§ **PROBLEM DETAILS**: Quote the whole listing exactly. Leave the pictures out of your copy.

§ **INFORMATION GIVEN**:

------------------------------

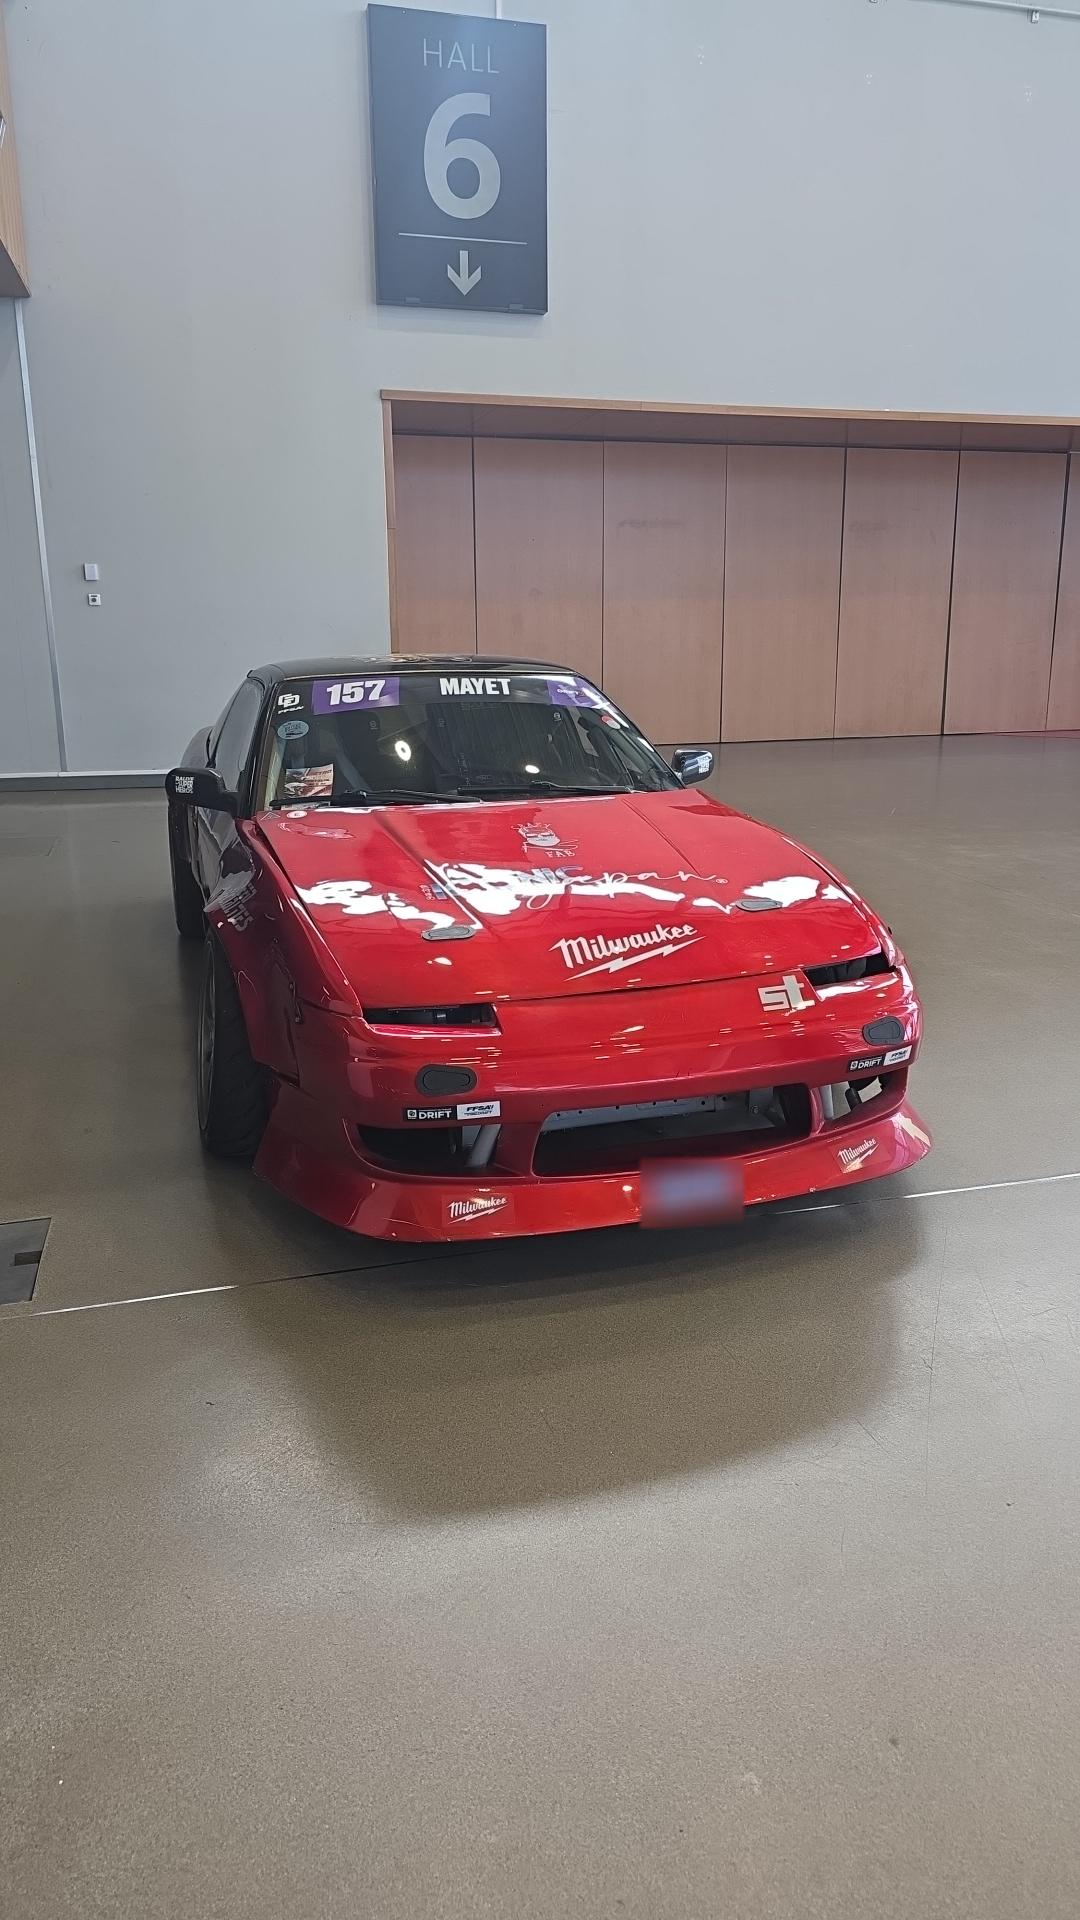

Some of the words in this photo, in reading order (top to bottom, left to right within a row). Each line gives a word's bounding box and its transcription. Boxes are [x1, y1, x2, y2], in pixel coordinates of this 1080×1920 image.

[422, 37, 500, 74] HALL
[423, 92, 501, 220] 6
[326, 679, 386, 706] 157
[439, 677, 511, 696] MAYET
[544, 849, 576, 858] FAB
[547, 923, 699, 969] Milwaukee
[857, 1057, 882, 1069] DRIFT
[418, 1110, 452, 1120] DRIFT
[836, 1138, 878, 1165] Milwaukee
[447, 1196, 508, 1218] Milwaukee
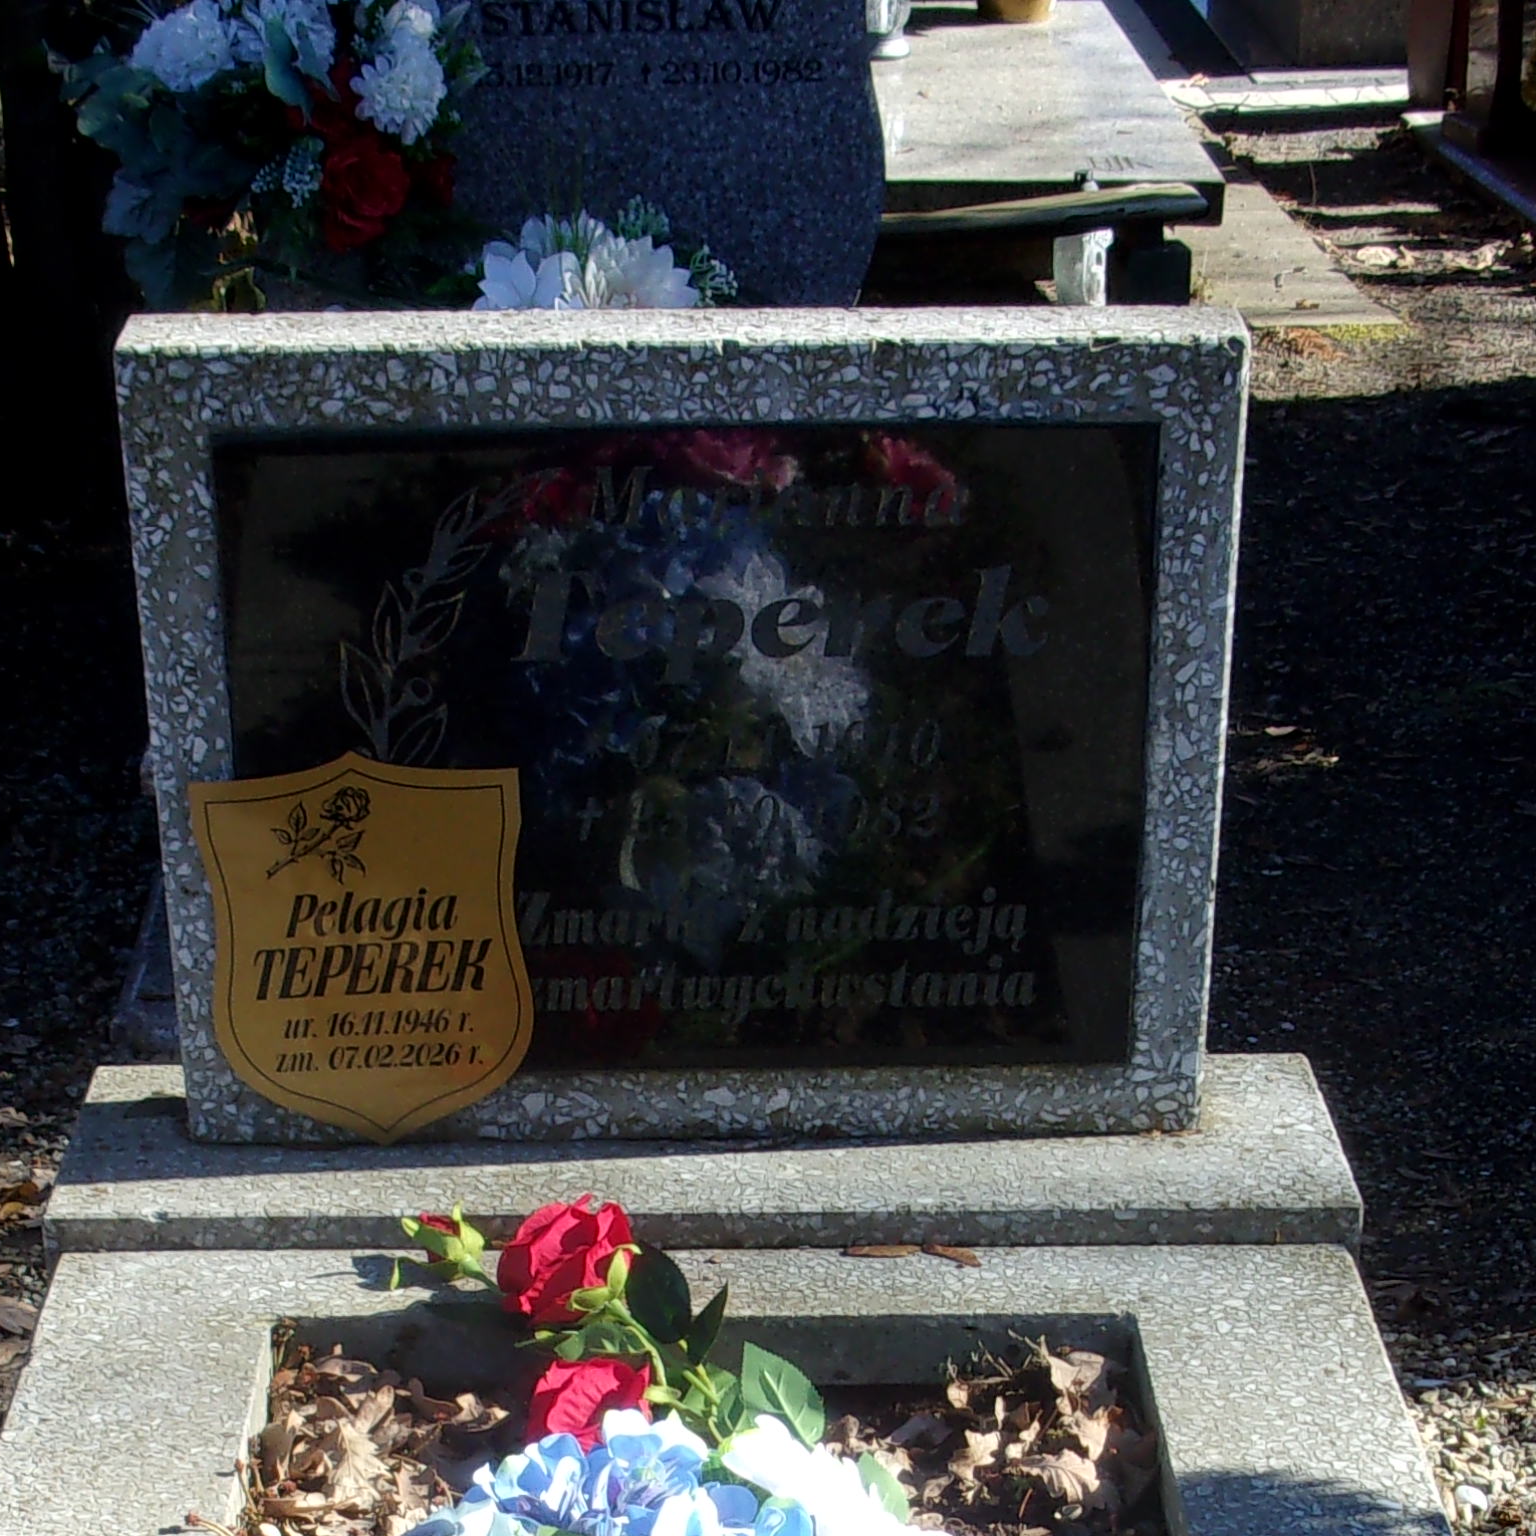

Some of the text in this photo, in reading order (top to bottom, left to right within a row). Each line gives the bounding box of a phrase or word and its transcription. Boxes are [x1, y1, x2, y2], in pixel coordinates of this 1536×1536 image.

[507, 562, 1051, 687] Teperek
[286, 888, 458, 940] Pelagia
[784, 886, 1027, 955] nadzieją
[254, 938, 492, 1001] TEPEREK
[284, 1009, 474, 1039] ur. 16.11.1946 r.
[276, 1042, 485, 1073] zm. 07.02.2026 r.

------------------------------

§ **WRITTEN ANSWER**:
Some of the words in this photo, in reading order (top to bottom, left to right within a row). Each line gives a word's bounding box and its transcription. Boxes are [x1, y1, x2, y2], in pixel coordinates of this 1080×1920 image.

[422, 37, 500, 74] HALL
[423, 92, 501, 220] 6
[326, 679, 386, 706] 157
[439, 677, 511, 696] MAYET
[544, 849, 576, 858] FAB
[547, 923, 699, 969] Milwaukee
[857, 1057, 882, 1069] DRIFT
[418, 1110, 452, 1120] DRIFT
[836, 1138, 878, 1165] Milwaukee
[447, 1196, 508, 1218] Milwaukee

Some of the text in this photo, in reading order (top to bottom, left to right within a row). Each line gives the bounding box of a phrase or word and its transcription. Boxes are [x1, y1, x2, y2], in pixel coordinates of this 1536×1536 image.

[507, 562, 1051, 687] Teperek
[286, 888, 458, 940] Pelagia
[784, 886, 1027, 955] nadzieją
[254, 938, 492, 1001] TEPEREK
[284, 1009, 474, 1039] ur. 16.11.1946 r.
[276, 1042, 485, 1073] zm. 07.02.2026 r.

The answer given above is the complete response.